The old lady had passed out from that experience and looked dead, with her arms hanging limp. Beelzemon pulled the old lady up and let her lie against his shoulders. One of the flight attendants passed by and saw this.
"Oh, she looks so quiet and peaceful," the flight attendant said.
"Yeah, I kind of have that charm and luck on the ladies," he said, with a grin.
"Would you like anything else?"
Beelzemon thought for a quick sec. "More peanuts, please?"
Then the pilot's voice was heard on the announcement. "Would all passengers pull up their seats to the correct position and close up their tables please? We're about to land in New Orleans, Louisiana, United States."
Up in first class, Renamon heard this and snapped her fingers. "Darn, it's over. Better go back into the luggage."
The plane landed and everyone got off. They all had really bad jetlag, turbulance, and airline food, but they were all okay. :)

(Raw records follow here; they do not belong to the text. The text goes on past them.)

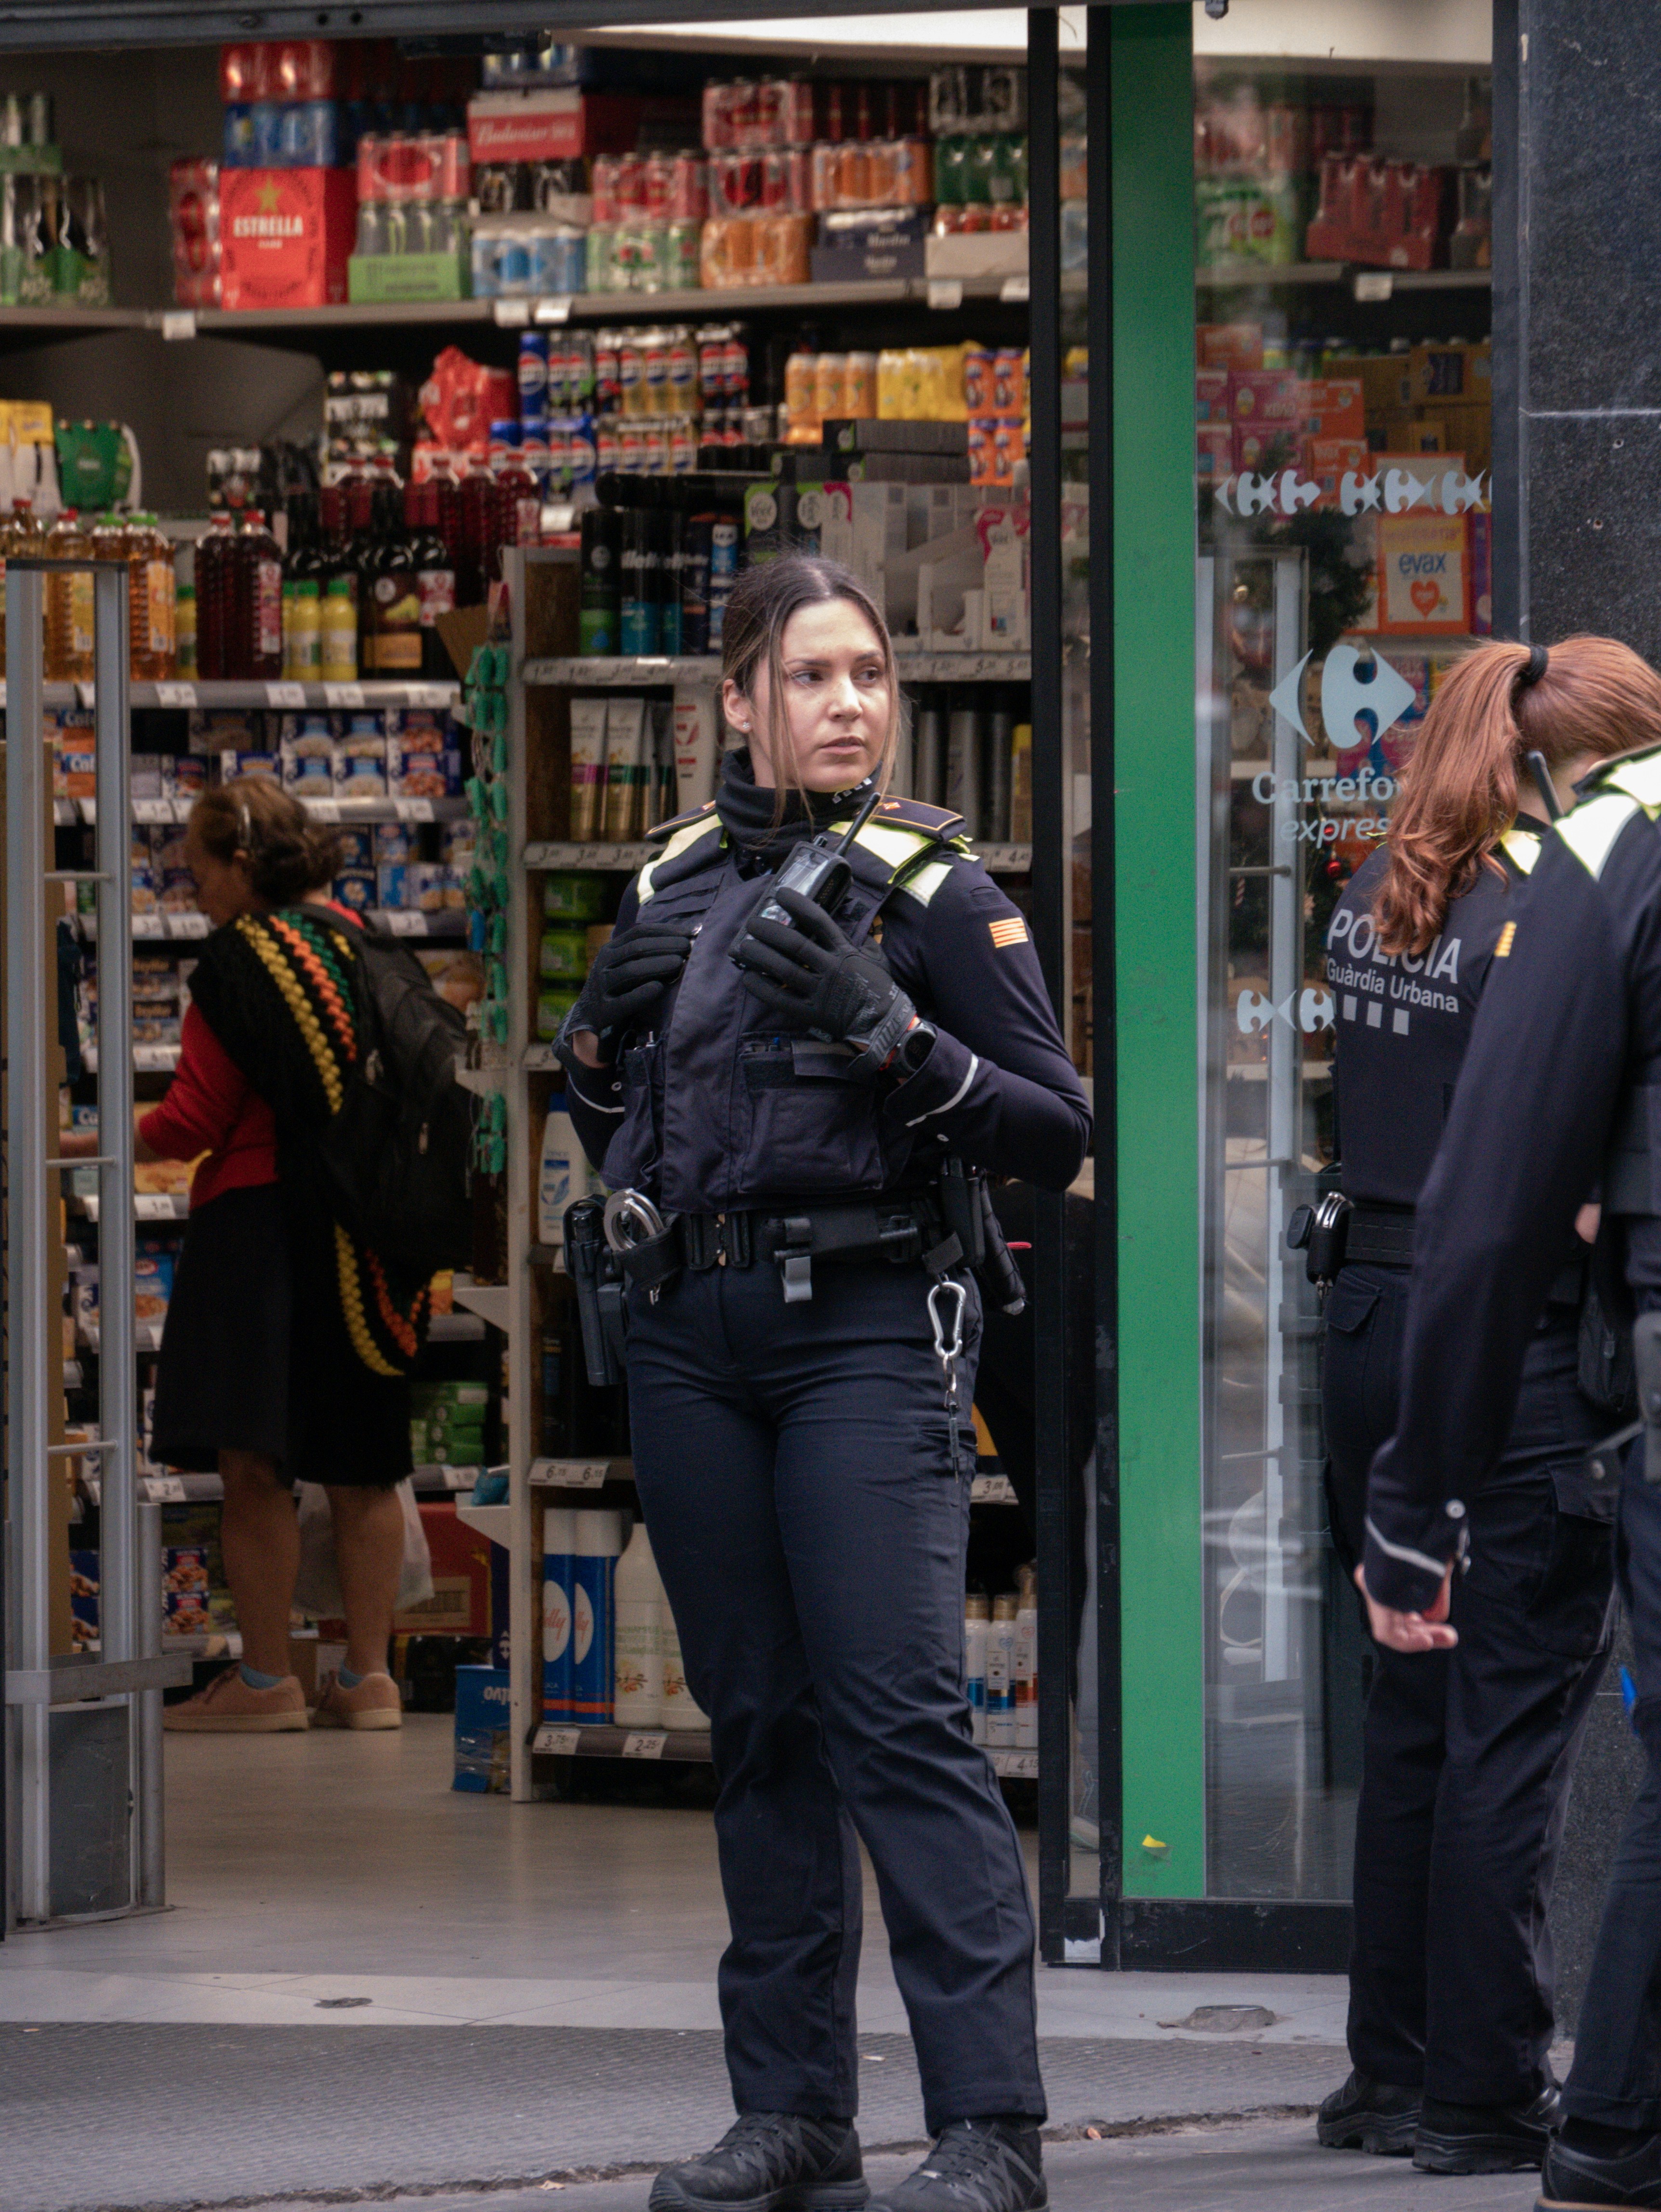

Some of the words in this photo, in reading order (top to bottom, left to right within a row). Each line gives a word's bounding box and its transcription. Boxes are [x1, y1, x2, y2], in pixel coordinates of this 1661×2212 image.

[234, 215, 303, 237] ESTRELLA
[1398, 552, 1446, 575] evax
[1252, 767, 1401, 803] Carrefo
[1280, 817, 1392, 849] expres
[1327, 908, 1462, 984] POLCIA
[1327, 958, 1385, 995] Guàrdia
[1390, 975, 1459, 1013] Urbana

Finally the name that plagued Yolei's head about what the American event was that happens every Spring Break is . . .
"Oh man, am I glad to be somewhere far, far, far away from those Toei people! Always telling us what to do and stuff, well now I'm in charge of myself! Time for relaxation and no one to bother my sleeping time," Davis said.
"You came all the way from Japan to her just for a nap?" Veemon asked.
"Oh I got it now! Its called Madi Gras!" Yolei remembered. "The time when they party 24/7!! All day and night!!"
I guess Davis won't be able to get a good night rest here. ^_^;;;
Well this chapter is about to end but what about Guilmon? We haven't heard from him the whole time.
In the luggage at the storage compartment of the plane, Guilmon was still in it. He was mumbling this the whole entire time of the plane trip. "Are we there yet? Are we there yet? Are we there yet? Are we there yet? Are we there yet? Are we there yet? Are we there yet? Are we there yet? Are we there yet? Are we there yet? Are we there yet? Are we there yet? Are we there yet? Are we there yet?" -_-;;; Dinosaurs have very little brains . . .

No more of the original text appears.